Diritto Civile

Affitti arretrati non pagati: il proprietario può presentarsi a casa mia?

Utente_Anonimo_3139 · 19 visualizzazioni

Ho lasciato una casa in affitto dove purtroppo ho accumulato alcuni canoni non pagati. Il proprietario ora mi chiede giustamente gli arretrati, ma al momento sono disoccupata e senza possibilità economiche. Negli ultimi tempi mi contatta continuamente con messaggi, telefonate e si è presentato anche presso la mia nuova abitazione. Vorrei capire come comportarmi e se sia possibile trovare una soluzione o un piano di rientro.

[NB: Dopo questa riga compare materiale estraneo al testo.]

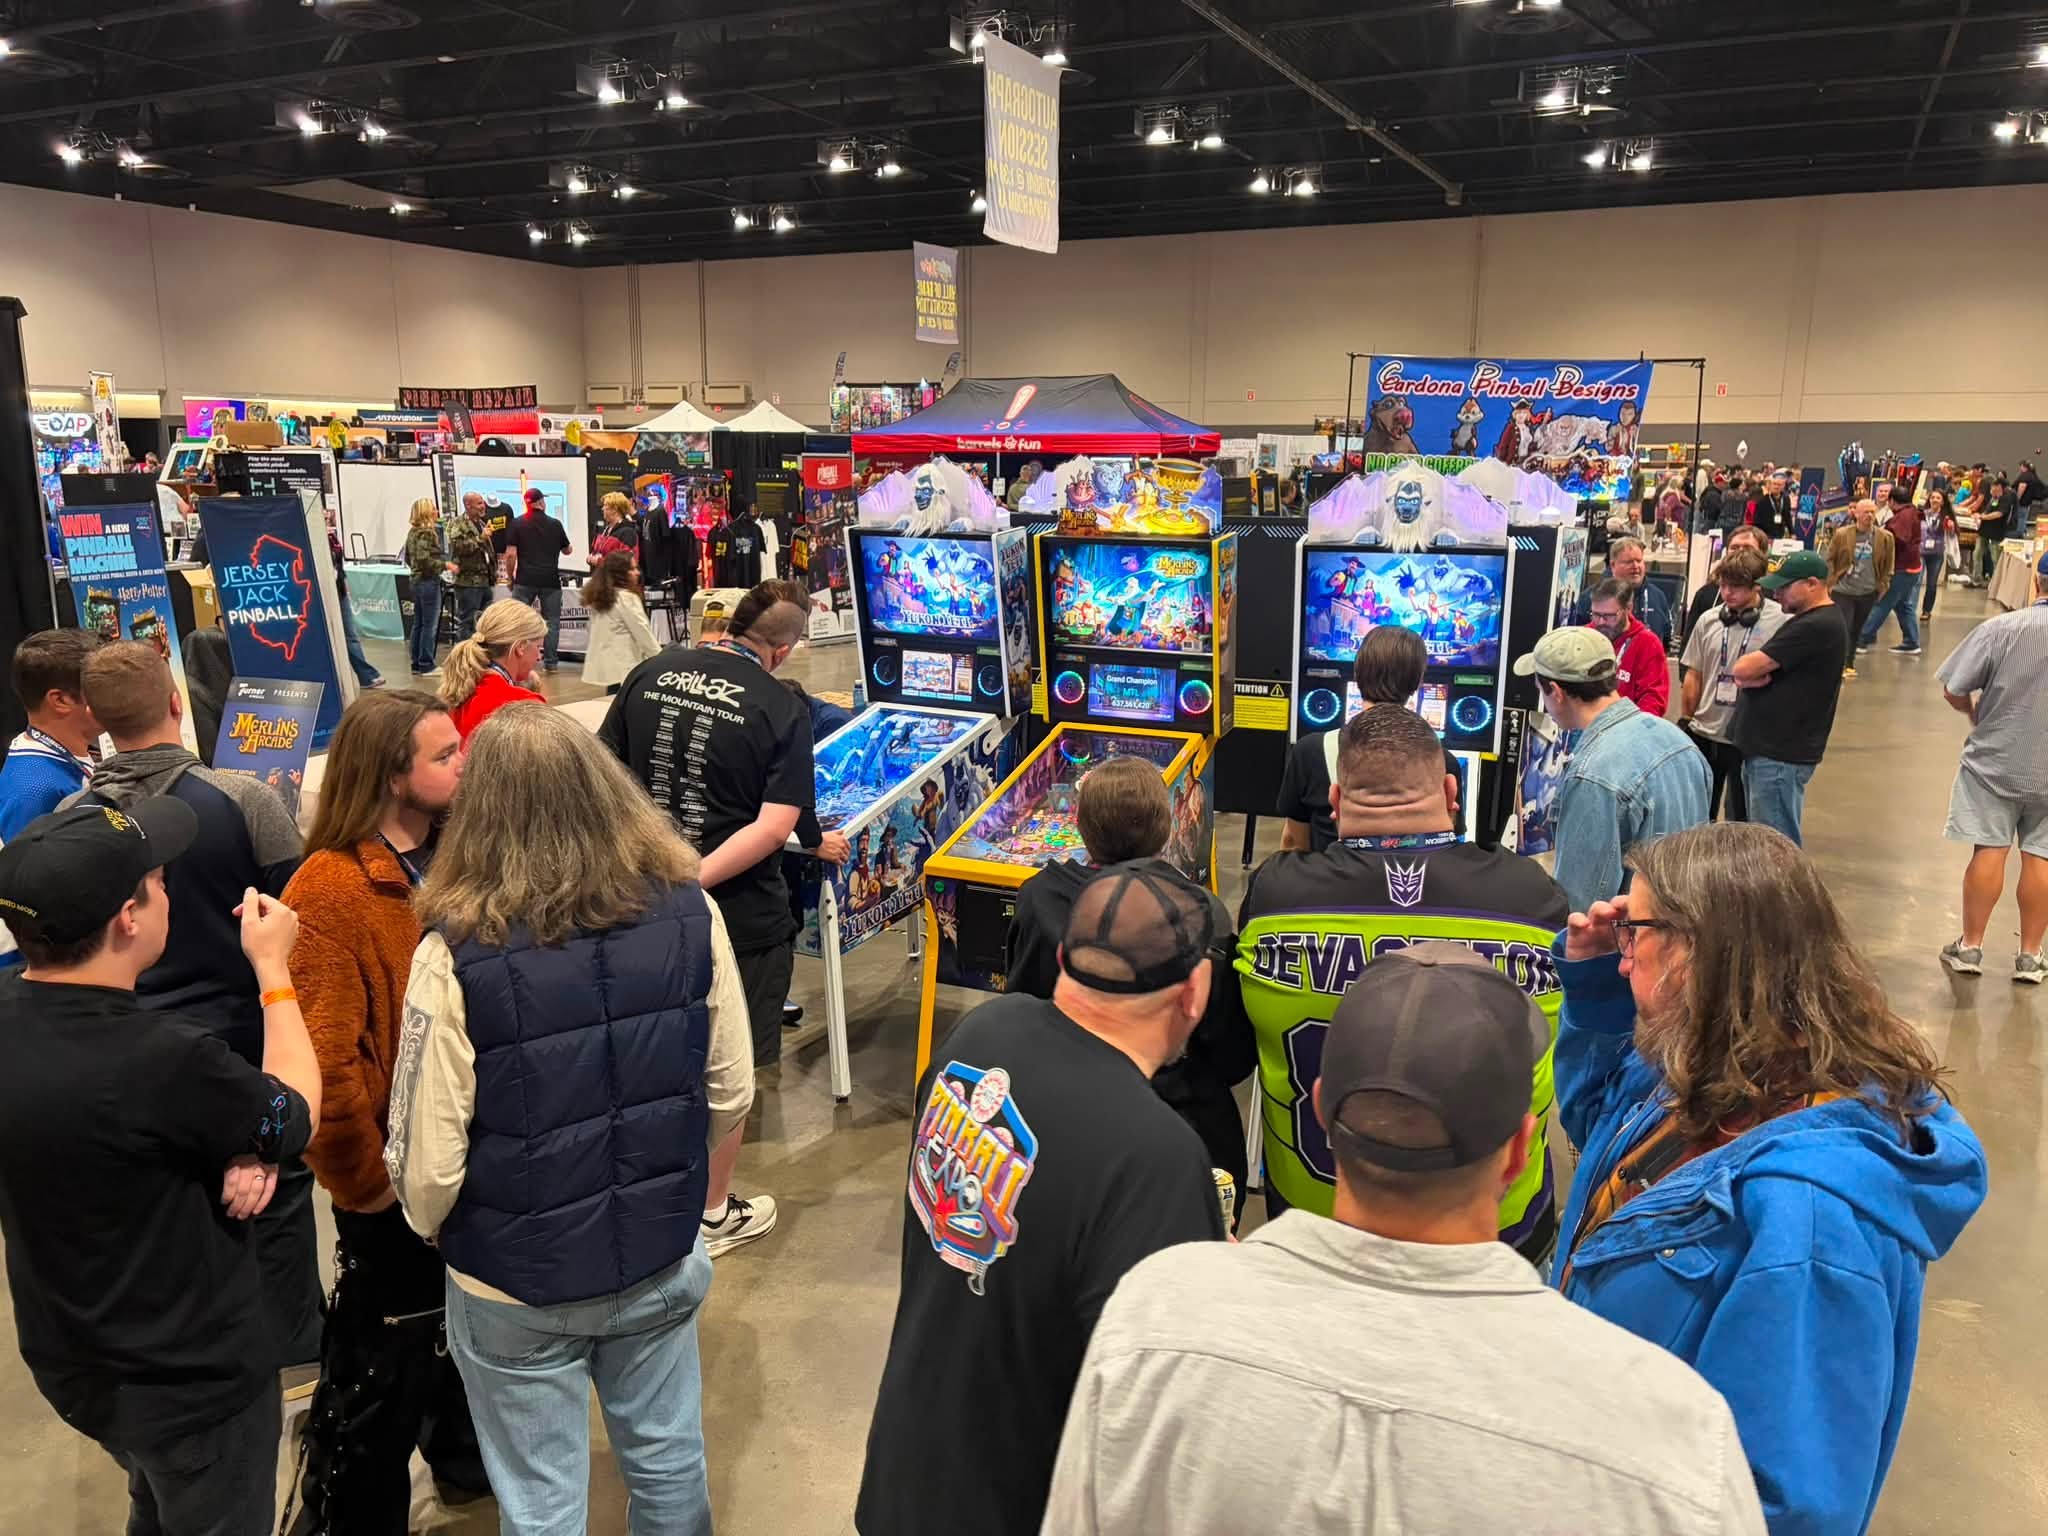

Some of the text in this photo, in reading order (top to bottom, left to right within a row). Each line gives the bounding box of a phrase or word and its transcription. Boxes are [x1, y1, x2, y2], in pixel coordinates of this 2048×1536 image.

[1379, 361, 1638, 404] Cardona Pinball Designs
[956, 436, 1001, 449] barrels
[1018, 438, 1042, 451] fun
[1366, 453, 1386, 473] NO
[59, 514, 130, 536] WIN A NEW
[65, 535, 134, 557] PINBALL
[69, 553, 138, 575] MACHINE
[222, 562, 289, 588] JERSEY
[118, 583, 166, 602] Harry Potter
[235, 585, 289, 610] JACK
[228, 604, 299, 625] PINBALL
[901, 611, 944, 627] YUKON
[656, 671, 745, 708] GORILLAZ
[1106, 675, 1158, 686] Grand Champion
[238, 686, 266, 696] Turner
[273, 689, 309, 699] PRESENTS
[643, 691, 745, 725] THE MOUNTAIN TOUR
[229, 712, 300, 738] MERLIN'S
[238, 735, 294, 754] ARCADE
[927, 1081, 1028, 1240] PINBALL

⚖️ Risposta dell'Avvocato AIAvvocatoFlash · basato su 50.000+ pratiche

Risposta diretta

Hai un debito reale verso il proprietario e lui ha il diritto di reclamarlo, ma non può farlo con qualsiasi mezzo: le telefonate continue, i messaggi insistenti e le presentazioni al tuo domicilio possono configurare una condotta illecita. Allo stesso tempo, puoi proporre un piano di rientro scritto per gestire il debito in modo sostenibile.

Quadro normativo

Il credito del proprietario è tutelato dall'art. 1591 c.c., che obbliga l'inquilino al pagamento dei canoni anche dopo la riconsegna dell'immobile, fino all'estinzione del debito. Per recuperarlo, il locatore può richiedere un decreto ingiuntivo (art. 633 c.p.c.), uno strumento rapido che il giudice emette anche senza sentirti. Sul versante opposto, le condotte persecutorie reiterate — telefonate ossessive, messaggi continui, presentarsi a casa tua — possono integrare il reato di molestia (art. 660 c.p.) o, nei casi più gravi, atti persecutori (art. 612-bis c.p.).

Come funziona in pratica

  • Il proprietario ha diritto a contattarti per sollecitare il pagamento, ma deve farlo in modo civile e non oppressivo
  • Presentarsi fisicamente presso la tua nuova abitazione in modo ripetuto o intimidatorio non è lecito e può essere denunciato
  • Se non paghi spontaneamente, il proprietario può ottenere un decreto ingiuntivo e poi procedere con il pignoramento di stipendio, conto corrente o beni
  • La tua situazione di disoccupazione non estingue il debito, ma può rallentare l'esecuzione forzata se non hai redditi o beni pignorabili
  • Un piano di rientro concordato per iscritto sospende di fatto il contenzioso e dà respiro a entrambe le parti

Cosa conviene fare

  • Rispondi per iscritto (email o raccomandata) al proprietario, riconoscendo il debito ma proponendo un piano di pagamento rateale sostenibile per te
  • Metti tutto per scritto: un accordo firmato da entrambi su importo totale, rate e scadenze ha valore legale
  • Se le molestie continuano, conserva le prove (screenshot dei messaggi, registro delle chiamate, testimoni) e valuta di inviare una diffida formale tramite un avvocato
  • Non ignorare eventuali atti giudiziari: se ricevi un decreto ingiuntivo, hai 40 giorni per fare opposizione — un termine perentorio da non perdere
  • Verifica se hai diritto a misure di sostegno al reddito (NASPI, reddito di cittadinanza, sussidi comunali) che potrebbero aiutarti ad avviare i pagamenti

Questa risposta è generata da intelligenza artificiale e ha scopo puramente informativo. Non costituisce consulenza legale professionale.